Vous attendez peut-être que quelqu'un prenne la parole au nom de tous,
vous persuadant que s'il y a du danger, vous serez plus en état de vous
en garantir étant tous réunis, et que celui qui portera la parole obtient
quelque chose par sa hardiesse, vous aurez part aux mêmes avantages
sans participer au péril. Mais vous avez tort de vous conduire par ces
vues. Si tout le monde était dans la même disposition, cette timidité nous
serait à tous préjudiciable, et chacun ne cherchant que sa propre sûreté,
notre république ne manquerait pas de périr. Si vous n'avez pas encore
fait réflexion que votre crainte devait cesser et que la liberté est assurée
dès le moment que vous avez les armes à la main, commencez du moins
aujourd'hui à vous en apercevoir puisque les envoyés du sénat vous en
donnent des preuves. Ces hommes hautains et impérieux ne viennent
plus à nous armés de commandements et de menaces : ils nous prient, ils
nous conjurent, ils nous invitent à retourner dans notre ville, et ils
commencent à nous traiter comme des gens qui ne sont pas moins libres
qu'eux-mêmes. Pourquoi donc êtes-vous encore saisis de crainte ?
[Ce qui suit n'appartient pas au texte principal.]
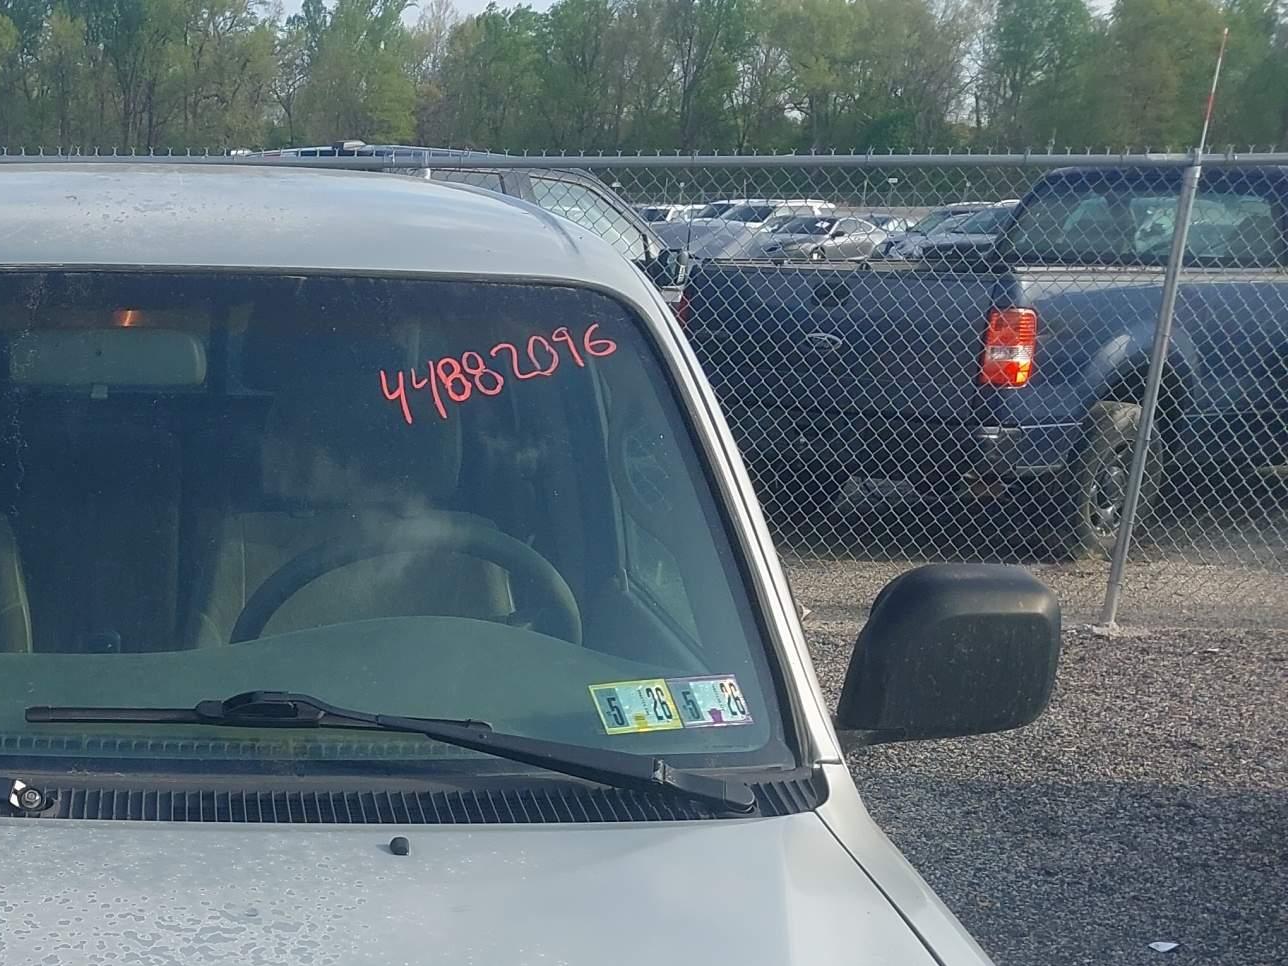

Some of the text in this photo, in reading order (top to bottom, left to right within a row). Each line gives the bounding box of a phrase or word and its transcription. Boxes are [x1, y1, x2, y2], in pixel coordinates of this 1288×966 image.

[379, 322, 617, 425] 44882096
[607, 697, 625, 726] 5
[646, 687, 672, 721] 26
[720, 682, 746, 716] 26
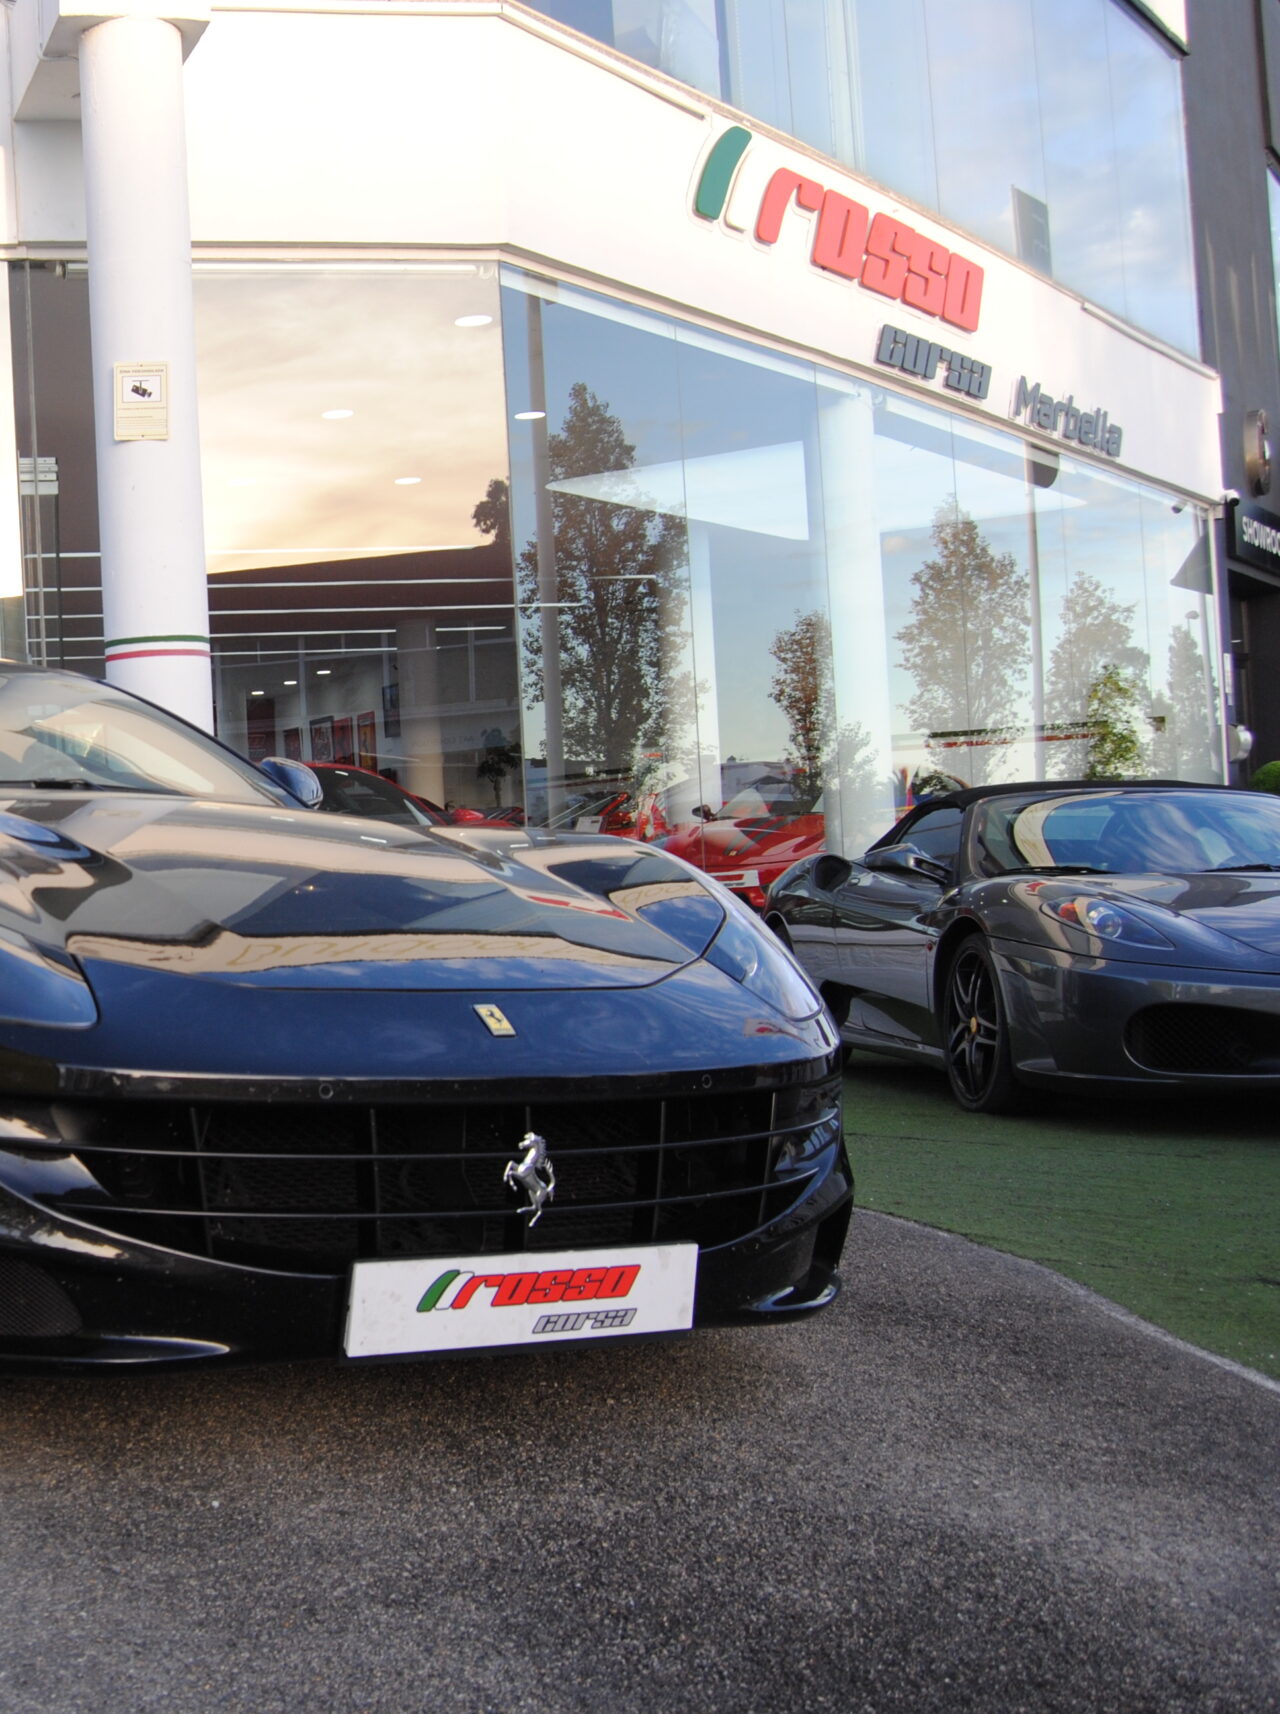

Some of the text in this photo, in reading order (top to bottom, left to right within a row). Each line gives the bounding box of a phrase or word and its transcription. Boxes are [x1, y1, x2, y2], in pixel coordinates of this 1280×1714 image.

Pourquoi, demeurez-vous dans le silence ? Que ne prenez-vous des
sentiments dignes de votre liberté ? Que ne rompez-vous une bonne fois
les chaînes qui vous retiennent, pour vous plaindre hautement des maux
que les sénateurs vous ont fait souffrir ? Malheureux Romains,
qu'appréhendez-vous ? Qu'avez-vous à craindre ? Quel danger y a-t-il de
me suivre puisque je suis le premier à vous donner l'exemple de dire
librement votre pensée ? Je m'exposerai volontiers à parler aux
ambassadeurs avec une entière liberté pour défendre la justice de votre
cause, et je ne leur dissimulerai point ce que je pense. Valerius a dit que
rien ne vous empêche de retourner chez vous, que le sénat vous rappelle
et qu'il a fait un décret pour vous accorder une amnistie générale : je lui
répondrai à cela que la vérité me dicte et ce que l'état de nos affaires
exige de nous.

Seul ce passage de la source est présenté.